David Burrow, PharmD, JD, Director of FDA Office of Scientific Investigations, Center for Drug Evaluation and Research

Count David Burrow, PharmD, JD, director of the Office of Scientific Investigations in the Center for Drug Evaluation and Research at the U.S. Food and Drug Administration (FDA), among the growing choir of voices who believe decentralized clinical trials (DCTs) and hybrid onsite/offsite trials are here to stay.

The COVID-19 pandemic has clearly been a “catalyst for change,” Burrow says, noting its impact on raising awareness of quality by design and risk-based quality management systems in particular. While both concepts have been around for years, Burrow believes the realities of the pandemic helped practitioners overcome “some hesitancy” before embracing each.

Elements of DCTs and hybrid variations are increasingly being baked into trial design, in part spurred on by the pandemic, Burrow says. “They are gaining momentum, and are definitely here to stay,” he adds. “Each definitely brings value” to trials and the patient experience, he notes.

However, even as some things change in a post-COVID-19 landscape, many fundamentals remain in place, Burrow says. For example, the best way to prepare for an FDA inspection has not changed in any significant manner. There remain best practices to “put your best foot forward” when it comes to dealing with a looming FDA inspection. “I’m not talking about fooling the FDA,” Burrow stresses.

Instead, there are tools and tactics designed to help regulated entities ensure their trial operations and decisions are “seen in the best light possible.”

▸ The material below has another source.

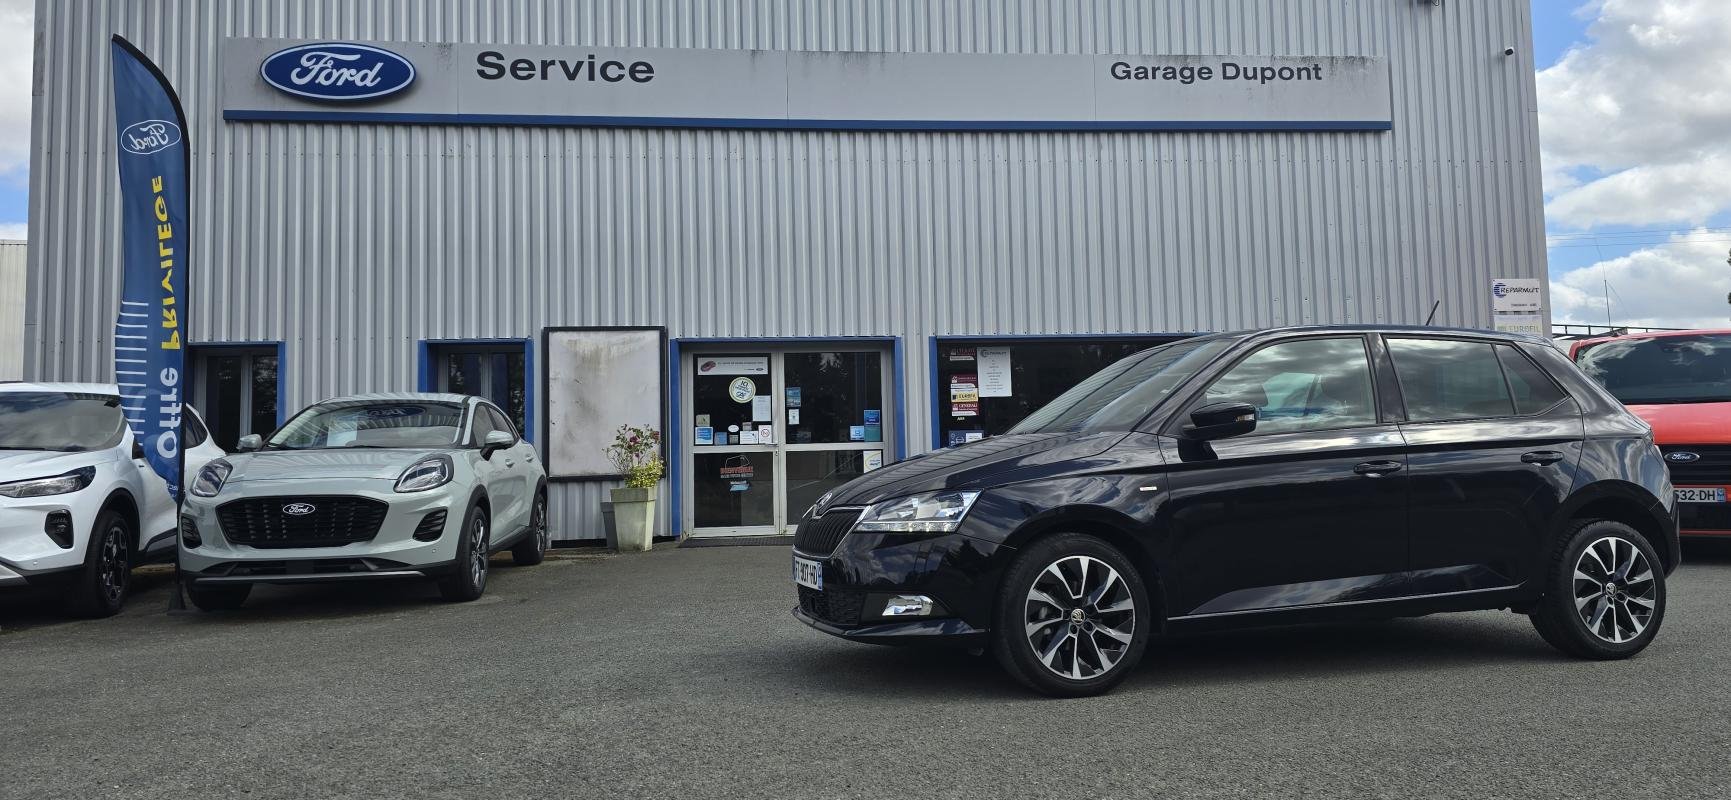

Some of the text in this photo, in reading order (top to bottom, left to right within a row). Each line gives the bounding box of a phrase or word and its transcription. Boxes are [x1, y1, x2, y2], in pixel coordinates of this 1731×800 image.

Burrow is looking forward to connecting with clinical trial staff at the ACRP 2022 conference next month in Orlando. There, he will outline the impact FDA inspections have on trial operations and will identify key strategies to build quality into clinical research in order to prevent critical compliance issues. When problems do occur, inspected entities should be able to respond appropriately, he notes.